Seleziona una pagina

Parlare di trauma oggi suona come un eufemismo: siamo tutti esposti ad una situazione assolutamente fuori dall’ordinario, che sconvolge in ogni momento la nostre vite.
Esistono poi traumi specifici legati al vissuto individuale, dalla perdita di una persona cara al ribaltamento della condizione economica e alla crisi in famiglia, nella coppia…
Penso sia preciso dovere dell’analista rendersi disponibile a fornire il proprio contributo, sostegno e cura, dove per il post trauma venga richiesta la sua assistenza.
Oggi si tratta di curare un trauma nel trauma poichè – mentre lavoriamo – la guerra a questo mostricino dentato, il Covid-19, continua incessante. Si tratta allora di modulare l’intervento terapeutico.
Infarti improvvisi, morti consumate senza la presenza dei parenti, angosce legate al non respiro, al non controllo, rabbia contro il nemico invisibile, tutto ciò affrontiamo quotidianamente.

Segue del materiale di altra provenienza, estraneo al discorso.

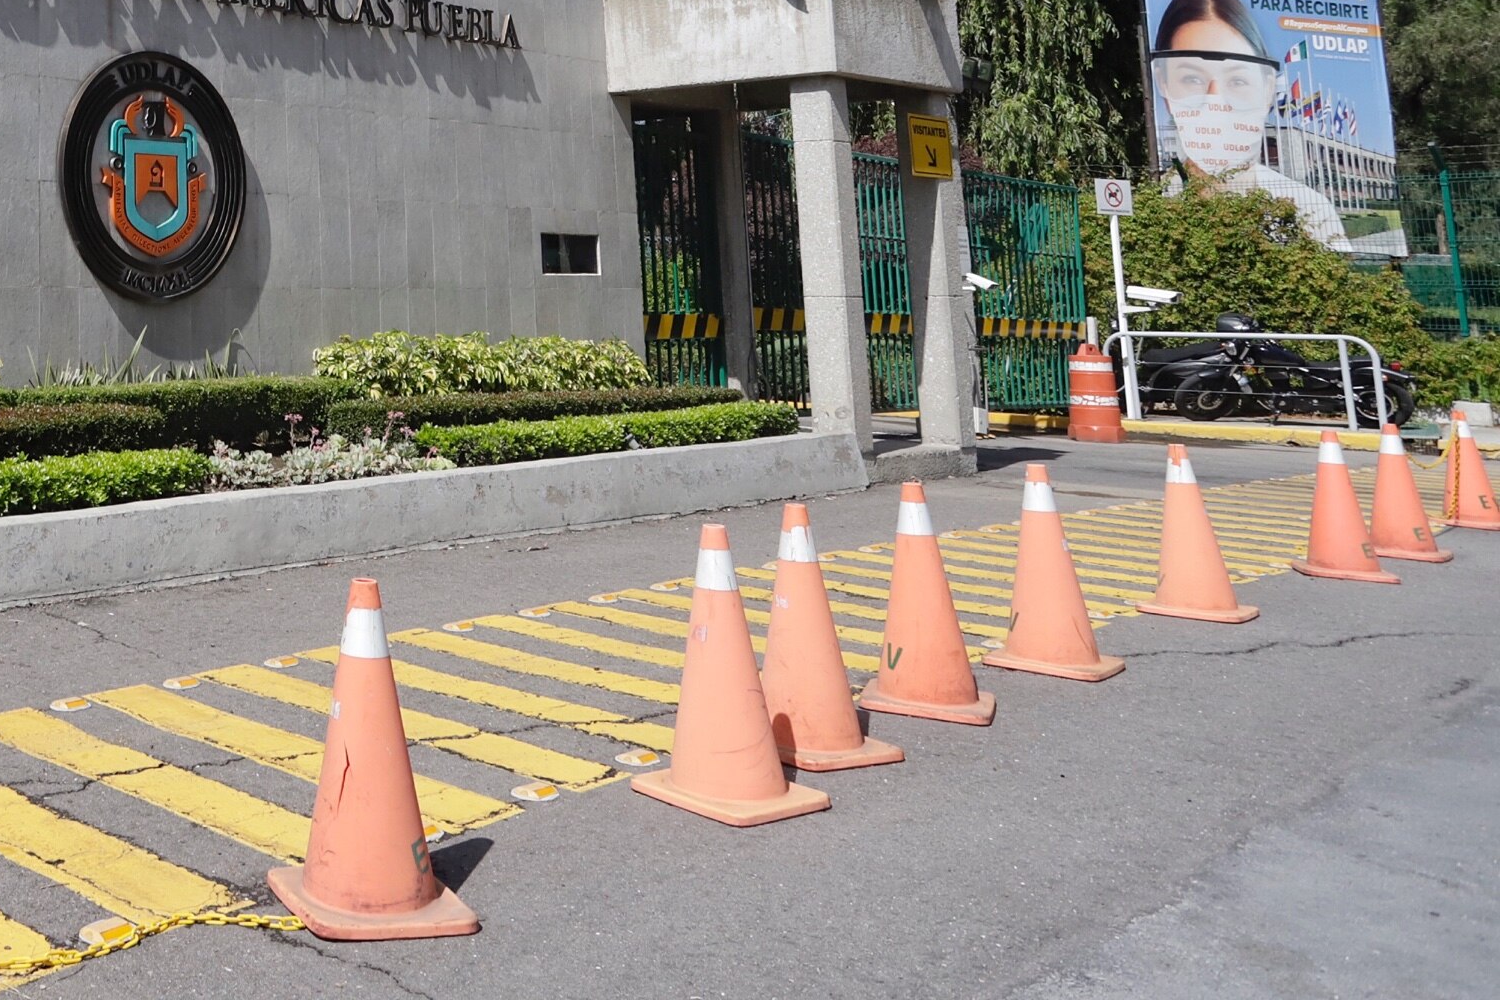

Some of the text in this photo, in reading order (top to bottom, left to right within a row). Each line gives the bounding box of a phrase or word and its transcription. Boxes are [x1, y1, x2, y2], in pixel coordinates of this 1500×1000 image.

[1295, 0, 1369, 20] RECIBIRTE
[1312, 34, 1368, 54] UDLAP
[912, 124, 947, 138] VISITANTES
[887, 642, 903, 670] V

Gli occhi si consumano davanti agli schermi, unica situazione sicura per vedere i nostri pazienti.
E se siamo in presenza le maschere coprono e segnano il volto, ma gli occhi si guardano, si cercano, si riconoscono.
Molto si è parlato, anche recentemente, di tecniche che aiutano il superamento della sindrome traumatica facendo riemergere prepotentemente il vissuto, dal profondo, per liberare la persona dalla tenaglia del rimosso.
Comprendo, ma non riesco del tutto a condividere.

Quando subiamo uno shock, forte improvviso paralizzante, interviene il più comune meccanismo di difesa: chiudiamo il dolore insopportabile in un settore segreto e profondo, con lucchetto senza chiave, e copriamo l’accaduto con una nebbia di oblio, di negazione, talvolta di resistenza psicotica rispetto al dato reale, il che fa vivere in una dimensione parallela.
E’ vero: Freud diceva che il rimosso va portato alla luce per liberare ed alleggerire il soggetto sofferente, e la Klein addirittura sostiene l’esigenza di spiegare ai suoi giovanissimi pazienti il valore simbolico dei loro sintomi, perchè se ne possano alleviare, sentendo di averli in controllo per crescere poi meglio ed in modo più coerente.
Ricordiamo però che la difesa ci mantiene in vita, “tenendo insieme i pezzi”, quando il trauma è una deflagrazione dentro di noi, senza nome, senza ragione e senza pace.
La difesa irrazionale, totale, interviene a salvarci: Eros su thanatos.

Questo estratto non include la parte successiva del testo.